Horus Heresy is a big box game published by Fantasy Flight Games.  It makes use of their recent partnership with Games Workshop and is set in the Warhammer 40K universe during the most tumultuous time in mankind's history.  The game itself is a remake of a game published in 1993 by Games Workshop and designed by Jervis Johnson.  This new version has a lot of similarities in theme to the original, but it replaces the chits and hex with area movement and miniatures.  At the start of the game, Terra is besieged by a rebellious leader named Horus and the Emperor must stave off his attacks until reinforcements arrive.  There are lots of marines, tanks, demon hordes, titans, thunderhawks and general mayhem to keep even the bloodthirstiest of us content.
Game Components
As is typical with Fantasy Flight games, the production pieces are fantastic.  The miniatures are sculpted well and give the game a lot of flavor.  One negative I do have with the pieces is the emperor's forces are grey and a few are very difficult to tell apart.  They scream out for a paint job. 

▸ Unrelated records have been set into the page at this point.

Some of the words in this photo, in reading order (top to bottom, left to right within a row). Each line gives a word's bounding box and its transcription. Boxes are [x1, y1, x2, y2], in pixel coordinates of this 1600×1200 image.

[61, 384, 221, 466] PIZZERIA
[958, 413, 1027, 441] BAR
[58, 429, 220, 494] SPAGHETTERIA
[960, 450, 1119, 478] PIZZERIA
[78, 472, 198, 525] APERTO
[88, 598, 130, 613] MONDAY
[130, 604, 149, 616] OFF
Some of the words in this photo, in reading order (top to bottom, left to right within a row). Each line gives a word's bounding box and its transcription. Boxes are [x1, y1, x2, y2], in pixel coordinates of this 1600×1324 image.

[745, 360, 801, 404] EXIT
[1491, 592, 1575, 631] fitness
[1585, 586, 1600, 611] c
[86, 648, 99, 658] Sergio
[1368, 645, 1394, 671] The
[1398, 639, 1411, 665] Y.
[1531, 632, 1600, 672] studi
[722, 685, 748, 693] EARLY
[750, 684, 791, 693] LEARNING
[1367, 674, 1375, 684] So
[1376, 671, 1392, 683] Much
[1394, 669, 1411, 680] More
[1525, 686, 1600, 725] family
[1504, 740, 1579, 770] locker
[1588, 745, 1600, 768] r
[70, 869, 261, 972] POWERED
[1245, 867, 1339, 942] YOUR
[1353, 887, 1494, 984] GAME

The map is fantastic with 3D terrain built in for spaceports, the palace, fortresses and factories.  It makes the orange landscape look very forbidding.  The map board has a tactical area and a strategic area.  One complaint is that the pieces don't always fit neatly on the board.  This is an annoyance, I agree, but not a big deal.
Game Play
A typical game turn consists of playing action cards to the strategic map or the tactical map.  Each action you take costs time.  The Emperor wants time to move quickly...Horus does not.  If you play a card to the strategic board or activate a card on the strategic board it costs 1 action point (time).  If you play from your hand to the main board it costs the amount listed on the card. 
Combat is handled by using cards.  There are not dice rolled at all.  Each iteration of combat allows the players to play cards based on the round of combat.  1st round is one card.  2nd round is two cards and so on.  There are two victory conditions; control all four space stations or eliminate Horus or the Emperor. 

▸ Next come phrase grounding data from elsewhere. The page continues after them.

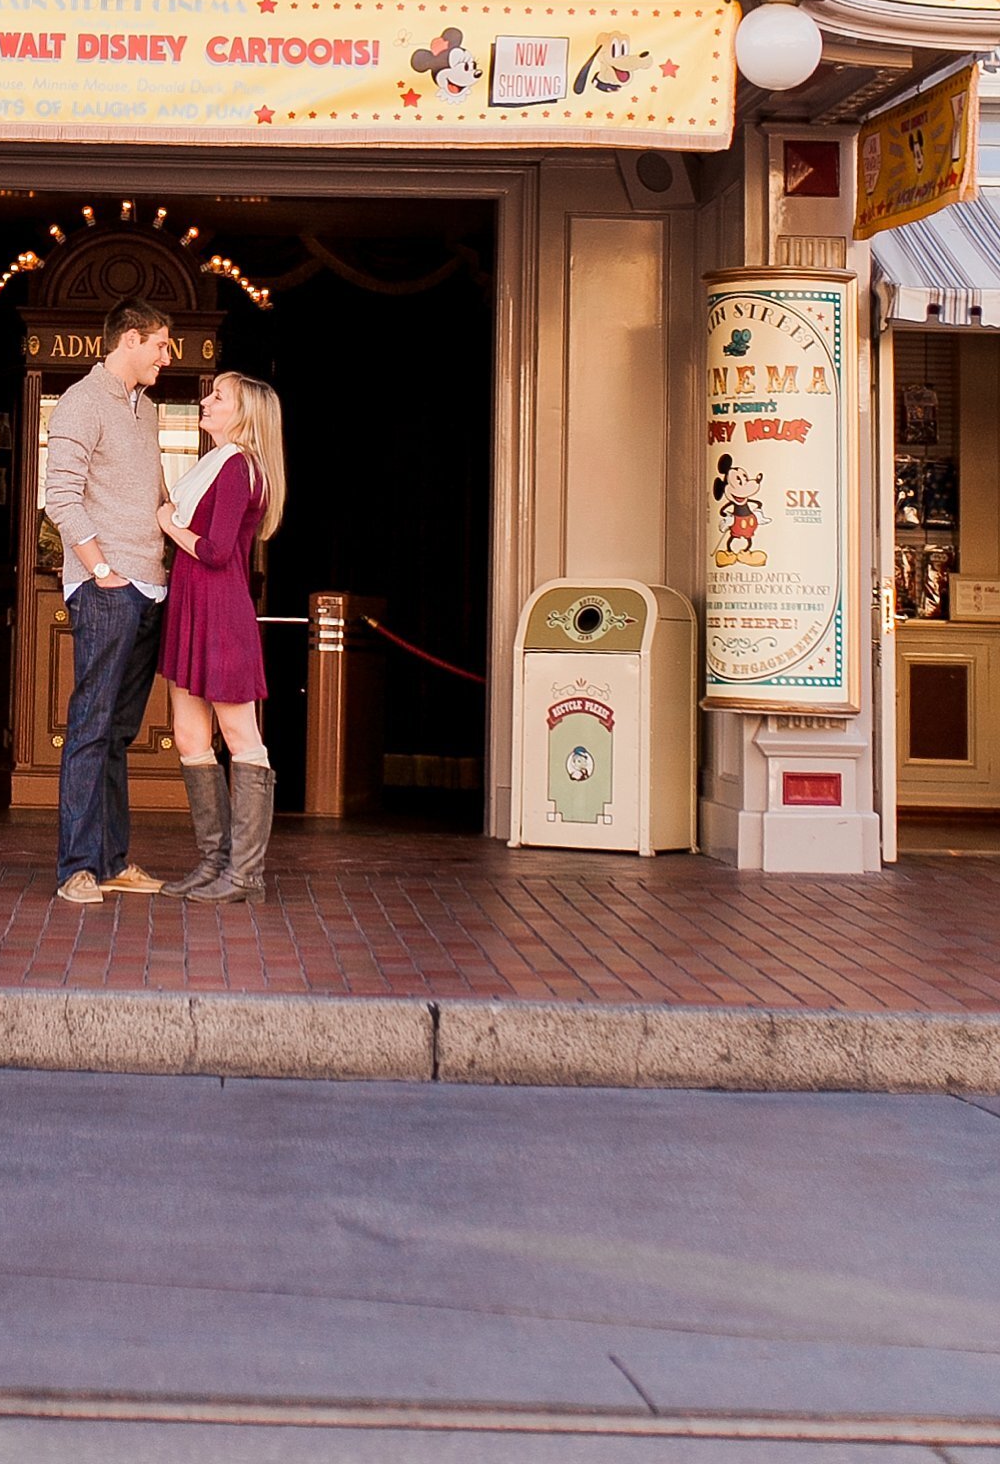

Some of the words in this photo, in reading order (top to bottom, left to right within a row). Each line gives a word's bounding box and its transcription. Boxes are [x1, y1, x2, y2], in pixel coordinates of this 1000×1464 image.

[77, 33, 188, 66] DISNEY
[206, 36, 381, 67] CARTOONS!
[515, 42, 547, 67] NOW
[32, 77, 80, 92] Minnie
[137, 76, 186, 94] Donald
[498, 72, 561, 98] SHOWING
[35, 99, 62, 117] OF
[71, 100, 147, 119] LAUGHS
[156, 103, 199, 120] AND
[733, 303, 820, 353] STREET
[744, 418, 813, 444] MOUSE
[786, 490, 820, 508] SIX
[728, 584, 753, 595] MOST
[755, 584, 793, 595] FAMOUS
[724, 618, 738, 629] IT
[741, 618, 798, 630] HERE!

I like this game a lot.  I have only played the Horus side, and like my blog's name I remain restrained about losing every game.  I really like the way combat works with the cards.  There are a lot of tactical considerations to make about the timing of cards.  The Horus side has a lot of work to do to win.  Everything is stacked against them.  That is not to say that the Emperor has an easy time of it.  At the beginning of the game, some units may betray the Emperor and join the side of chaos.  There is also a lot of strategy that goes into using leaders in combat.  I need a few more games to give a final verdict, but this is a game I would play often enough as it is a quick play (about 2 hours tops)!  I find it engaging and stressful at times, which is the mark of a good game in my book.